No es casualidad que estos tres países hayan sido los que más rápido abrazaran la idea de las “noticias falsas”. China, Egipto y Turquía son responsables del encarcelamiento de más de la mitad de los periodistas en esa situación en 2017, siguiendo la tendencia del año anterior. El silencio de la comunidad internacional ante los ataques de estos gobiernos a los medios independientes parece haberse interpretado como un consentimiento.
En Turquía, país que por dos años seguido más periodistas ha encarcelado en el planeta, la erosión de la libertad de expresión ha sido particularmente rápida. Desde un fallido intento de golpe en 2016, los tribunales turcos han procesado cerca de 46.000 casos de personas acusadas de insultar al presidente, la nación o sus instituciones. Cada uno de los 73 periodistas que hoy se encuentran en prisión está siendo investigado por crímenes contra el estado, o se le acusa de ello. La acusación más común es pertenecer a una supuesta organización terrorista, ayudarla o hacerle propaganda.
Los regímenes que desean impedir una cobertura noticiosa desfavorable se apoyan en leyes redactadas laxamente que identifican el informar sobre el terrorismo con apoyarlo. Por ejemplo, los reporteros que intentan escribir acerca del Partido de los Trabajadores del Kurdistán (PKK) de Turquía, la Hermandad Musulmana en Egipto o los Uigures en China pueden acabar en la cárcel rápidamente bajo la acusación de albergar simpatías por los terroristas. Cerca de tres cuartos de los 262 periodistas encarcelados en todo el mundo lo están por acusaciones de actividades contra el estado, según el más reciente estudio del Comité de Protección de los Periodistas.

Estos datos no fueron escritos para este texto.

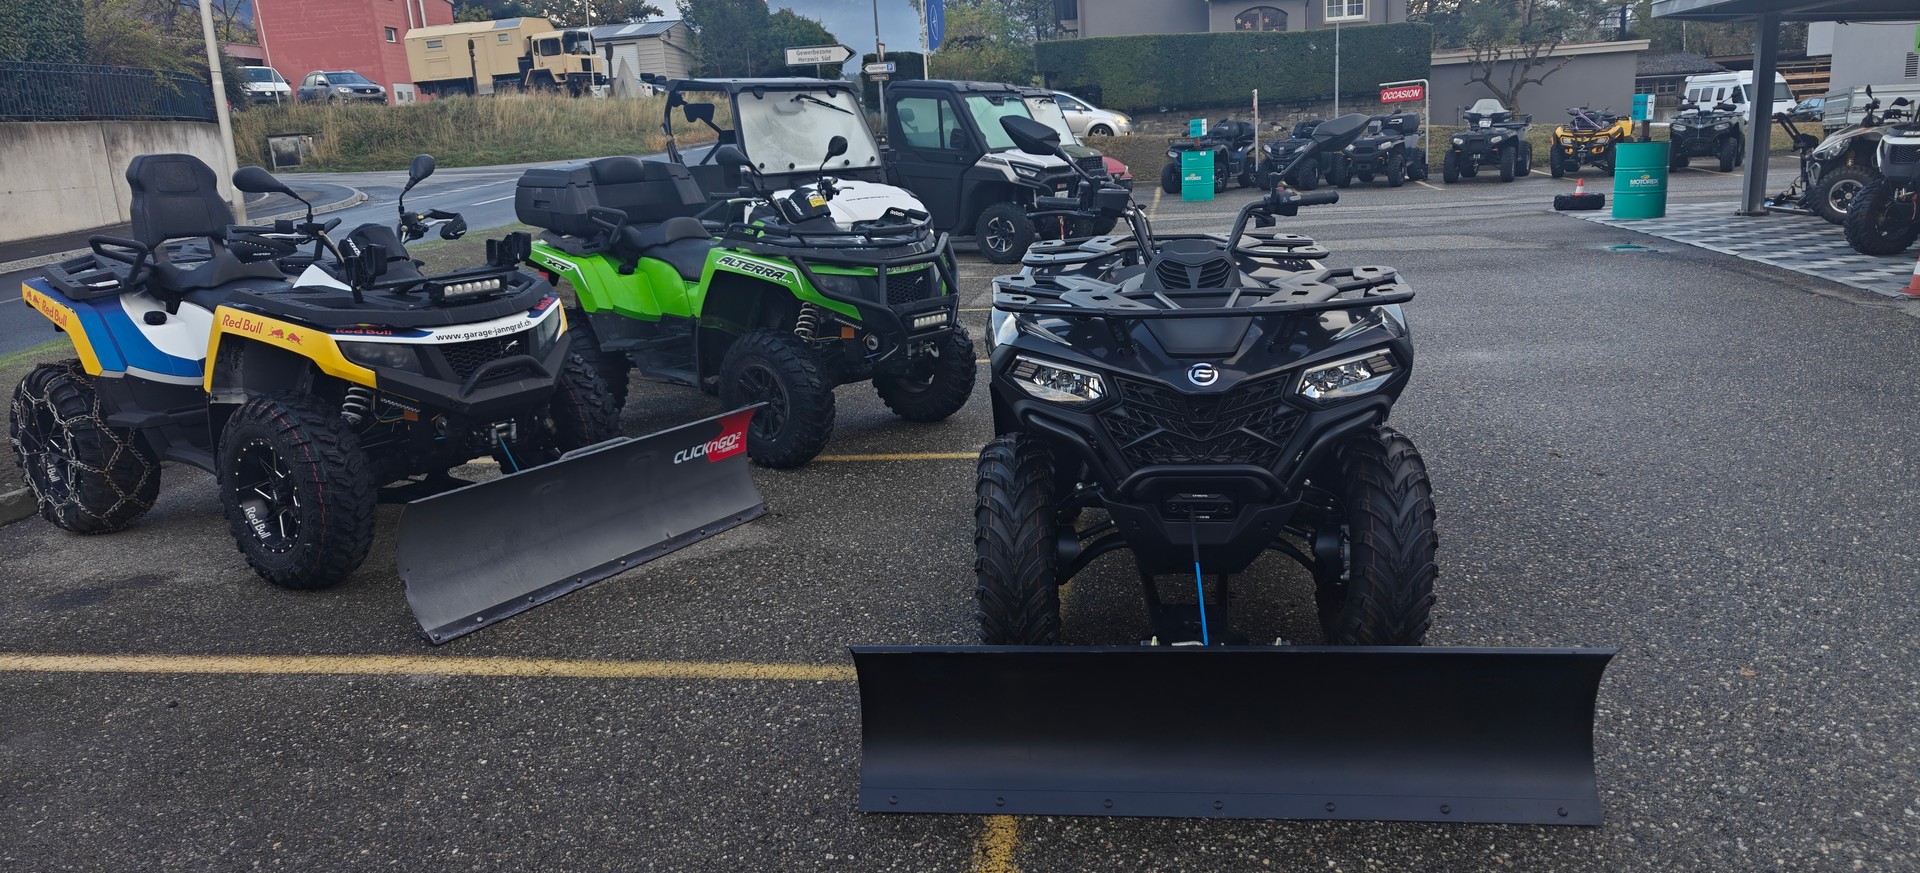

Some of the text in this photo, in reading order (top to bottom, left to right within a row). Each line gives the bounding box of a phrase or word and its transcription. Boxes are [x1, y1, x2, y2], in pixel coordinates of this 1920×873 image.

[1382, 89, 1420, 100] OCCASION
[718, 256, 786, 281] ALTERRA
[41, 299, 68, 327] Red Bull
[222, 314, 264, 334] Red Bull
[435, 319, 532, 341] www.garage-janngraf.ch
[245, 506, 272, 539] Red Bull
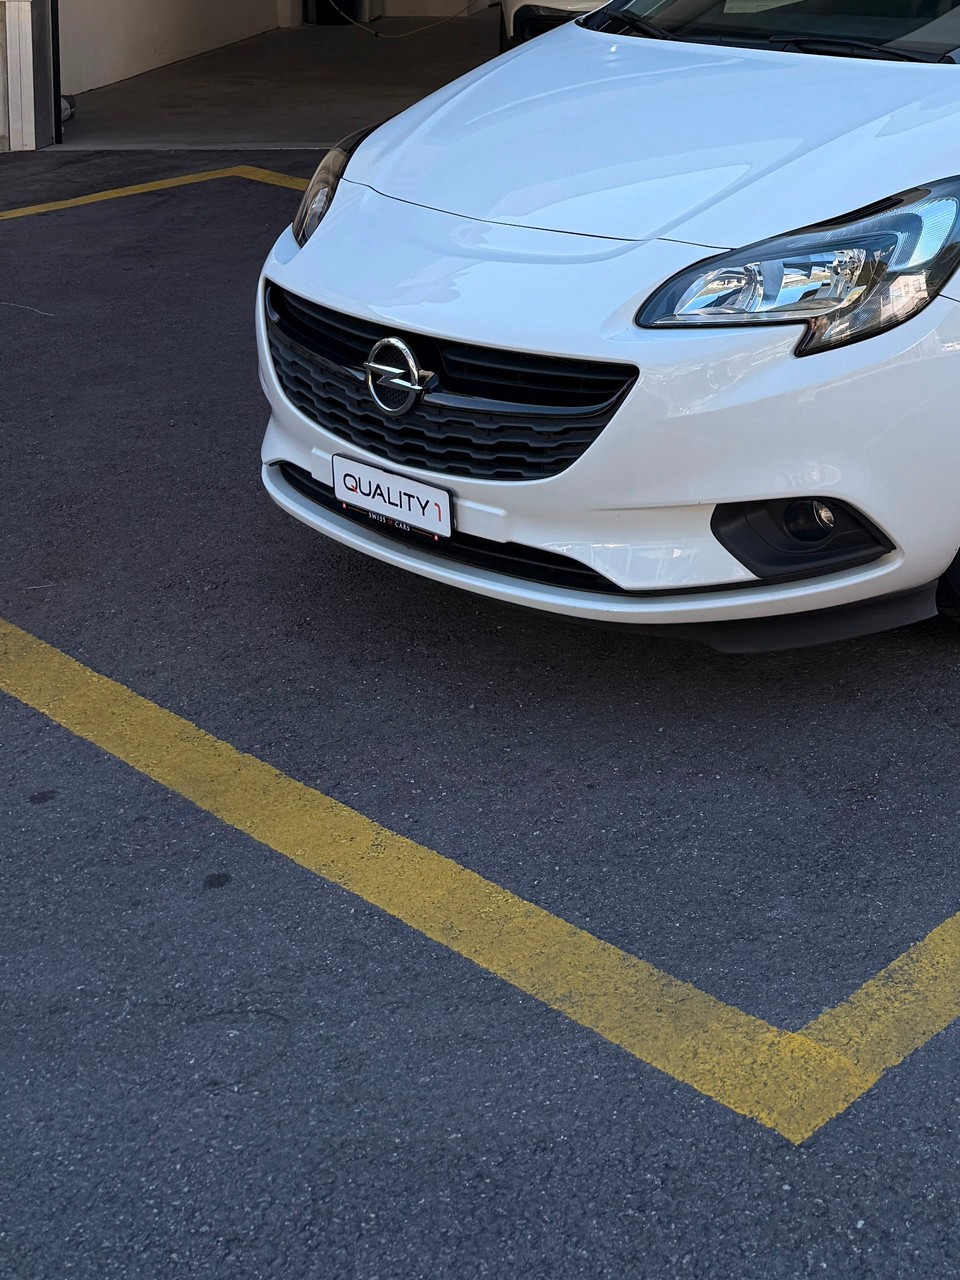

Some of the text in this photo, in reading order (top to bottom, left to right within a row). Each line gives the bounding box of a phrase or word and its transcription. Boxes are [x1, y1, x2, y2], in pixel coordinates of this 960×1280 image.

Incluso cuando no se arresta a periodistas, los autócratas cada vez recurren al calificativo de “noticias falsas” para desacreditar el reporteo legítimo. Irónicamente, aquí las iniciativas de algunos gobiernos occidentales por limpiar las redes sociales o eliminar el material violento han sido funcionales a las intenciones de los autócratas. Si bien las metas de estos esfuerzos de limpieza (evitar el tipo de interferencia electoral perfeccionado por Rusia, por ejemplo) son laudables, una consecuencia imprevista ha sido la censura de periodistas honestos que informan de historias reales en algunos de los lugares más peligrosos del mundo.
Piénsese en lo ocurrido el año pasado a la cobertura en video de la guerra civil de Siria. En un esfuerzo por limitar el contenido extremista, YouTube eliminó cientos de videos relacionados con el conflicto, incluidos muchos publicados por la Red Noticiosa Shaam, la Agencia de Noticias Qasioun y el Centro de Medios Idlib, todas ellas fuentes independientes que documentan el desastre.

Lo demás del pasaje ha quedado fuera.